Among the main activities and satellite events of the 2024 edition of the fair Design Shanghai – Shanghai, 19-22 June 2024 – one of the most eagerly awaited was the exhibition Talents, which offered an overview of emerging designers and studios primarily based in China. Twenty-four independent firms, chosen by the designer and curator Frank Chou.
This platform was developed for the first time in 2020, launched by Design Shanghai with the aim of supporting young designers in their careers, while improving the design ecosystem in China. The show provided an important international showcase, encouraging the dialogue between creativity and business. Under the theme “The Quest For The Question,” this year’s event challenged rising talents not only to find innovative solutions to concrete problems, but also to evaluate their effective practical impact.
Ming-Li Chang, a designer who grew up in Taiwan and Yunnan and now operates in Los Angeles and Shanghai, presented the Dai table lamp. With a degree from the Art Center College of Design in 2021, Chang mixes multicultural influences in his work, redefining the concept of new Chinese design. Dai is made almost entirely in ceramic material. The shade and the base, similar to forms sculpted in plaster, rest on a ceramic part made in Jingdezhen, the result of collaboration between local artists and craftsmen. The particular feature of the base lies in the unique glazes that bring out texture and infinite expressive possibilities.
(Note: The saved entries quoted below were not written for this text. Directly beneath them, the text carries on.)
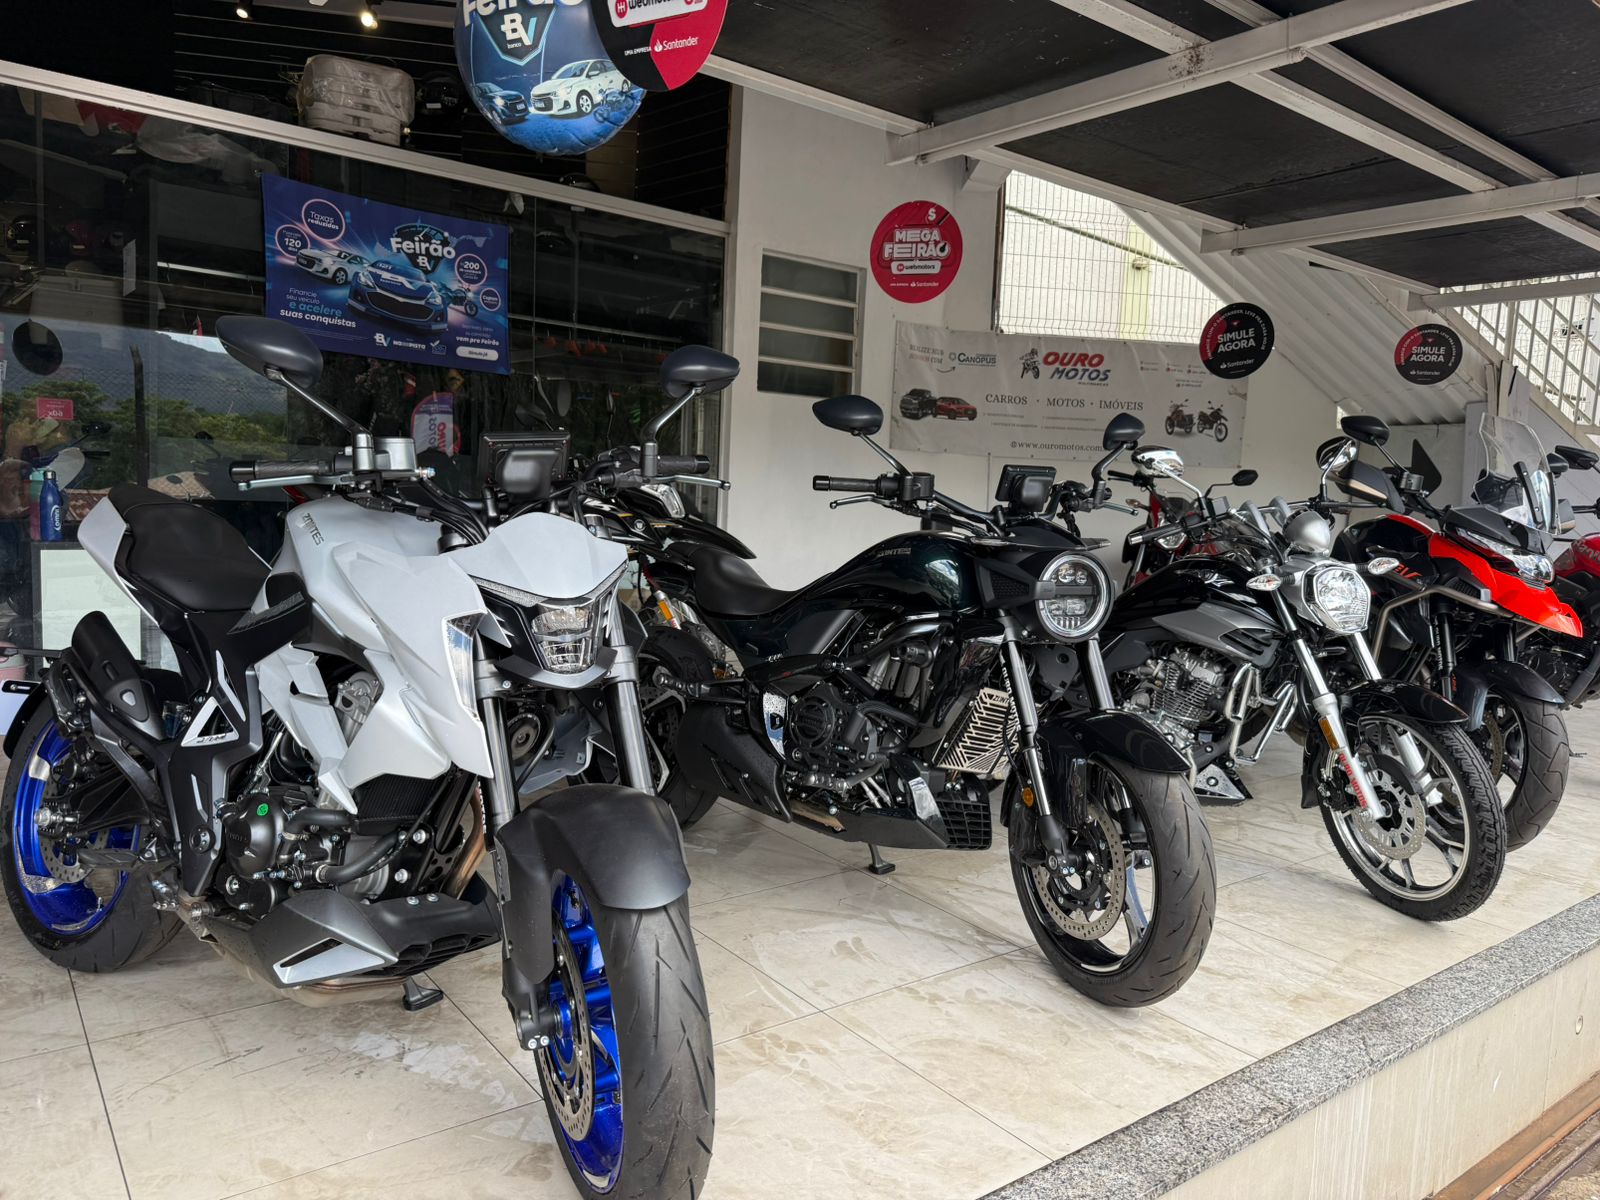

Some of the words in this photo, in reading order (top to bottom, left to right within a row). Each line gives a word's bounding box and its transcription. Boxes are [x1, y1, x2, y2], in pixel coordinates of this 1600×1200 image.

[662, 36, 699, 51] Santander
[307, 218, 340, 231] reduzidas
[310, 210, 334, 224] Taxas
[284, 237, 302, 249] 120
[895, 229, 940, 242] MEGA
[390, 236, 456, 259] Feirão
[884, 241, 949, 258] FEIRÃO
[463, 261, 480, 270] 200
[289, 287, 318, 298] Financie
[289, 301, 297, 309] e
[298, 303, 342, 317] acelere
[280, 309, 304, 319] suas
[304, 313, 357, 328] conquistas
[1217, 327, 1255, 343] SIMULE
[1217, 338, 1256, 353] AGORA
[1411, 346, 1446, 355] SIMULE
[1042, 351, 1105, 368] OURO
[1227, 358, 1255, 368] Santander
[1409, 354, 1445, 363] AGORA
[1049, 367, 1112, 382] MOTOS
[985, 393, 1028, 405] CARROS
[1046, 398, 1085, 408] MOTOS
[1099, 398, 1144, 411] IMÓVEIS
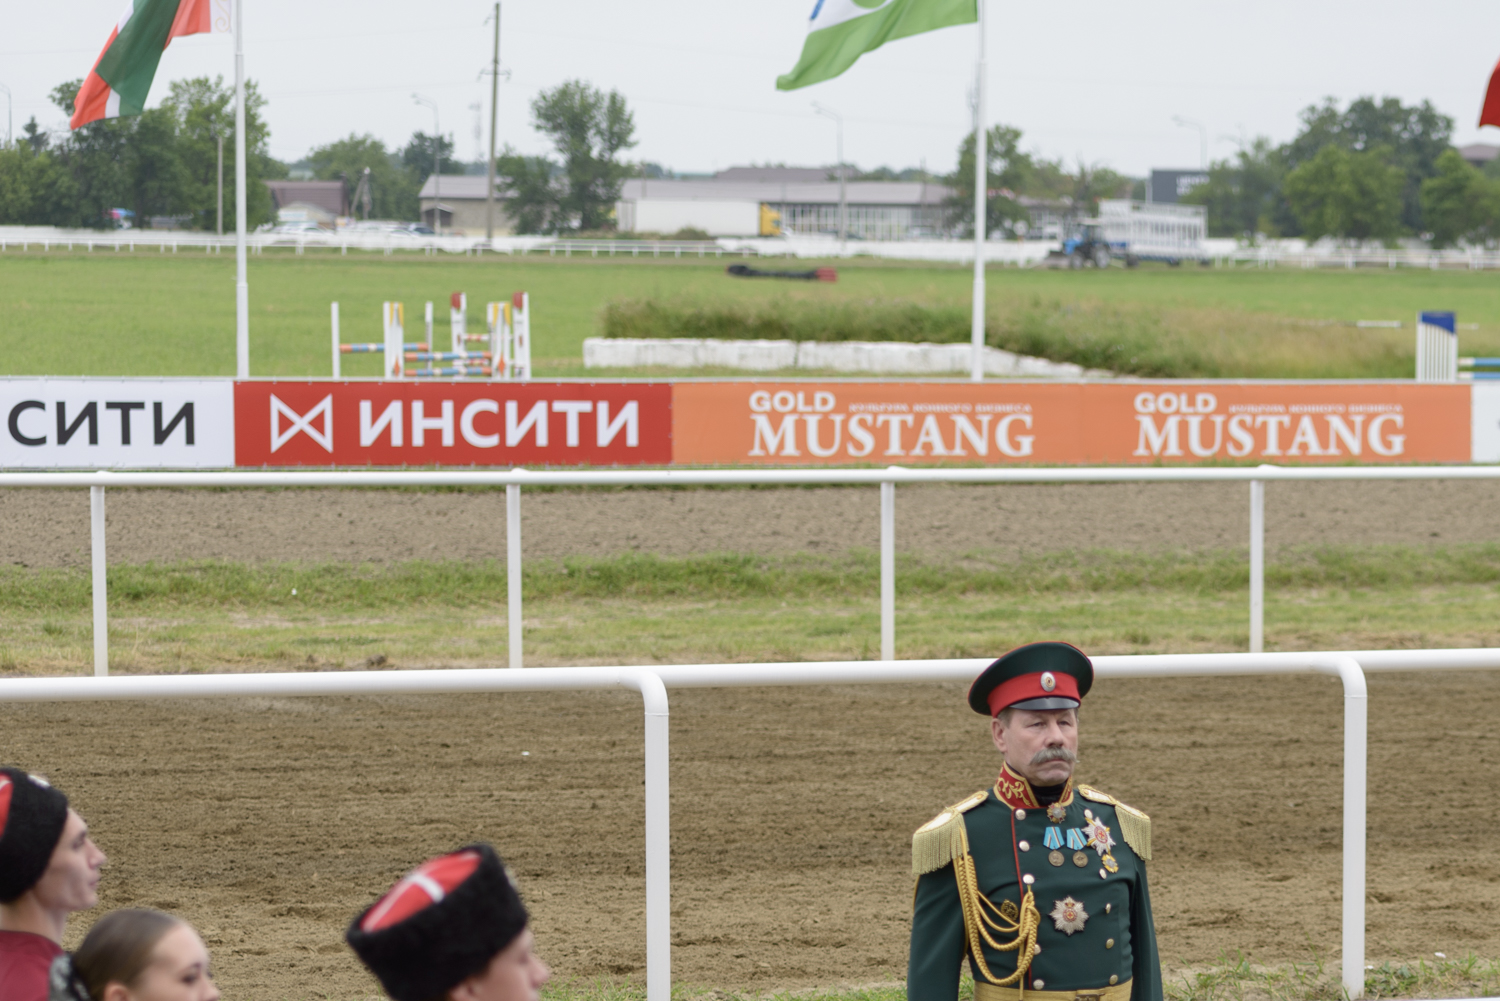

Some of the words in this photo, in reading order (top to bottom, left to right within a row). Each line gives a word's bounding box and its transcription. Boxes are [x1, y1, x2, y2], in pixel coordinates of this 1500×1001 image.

[359, 398, 639, 448] ИНСИТИ
[749, 390, 836, 413] GOLD
[1134, 391, 1218, 414] GOLD
[748, 413, 1035, 457] MUSTANG
[1133, 414, 1406, 457] MUSTANG
Studio Ololoo, founded by two young designers from Ningbo with experiences in Germany and Italy, presented new creations in Shanghai that explore everyday materials and phenomena with an analytical and sensitive approach. They include the Deformation Under Pressure lamp in inflatable PVC, already a winner in April at the Salone Satellite in Milan, a vase in recyclable TPU and stainless steel, and a stool that reinterprets the game of soap bubbles: the air sack in TPU, attached to the seat, is shaped by a wooden ring, creating an organic cushion with the form of a bubble.
The Pilot Sofa designed by the duo Tang Badham (Shawn Tang and Sachio Badham, both graduates in Architecture at Harvard), is a modular seating system that combines essential forms and vivid expression. Based on children’s games involving sand, the Pilot Sofa is composed of geometric blocks covered in lively fabric, an invitation to relax and to interact. “With Pilot,” the designers say, “we wanted to bring people together in the most playful and primordial way possible.”
Individual and collective stories that reveal the variety and vitality of the Talents platform, announcing the rise of a new generation of Chinese designers ready to guide the evolution of Asian design towers unexplored creative horizons.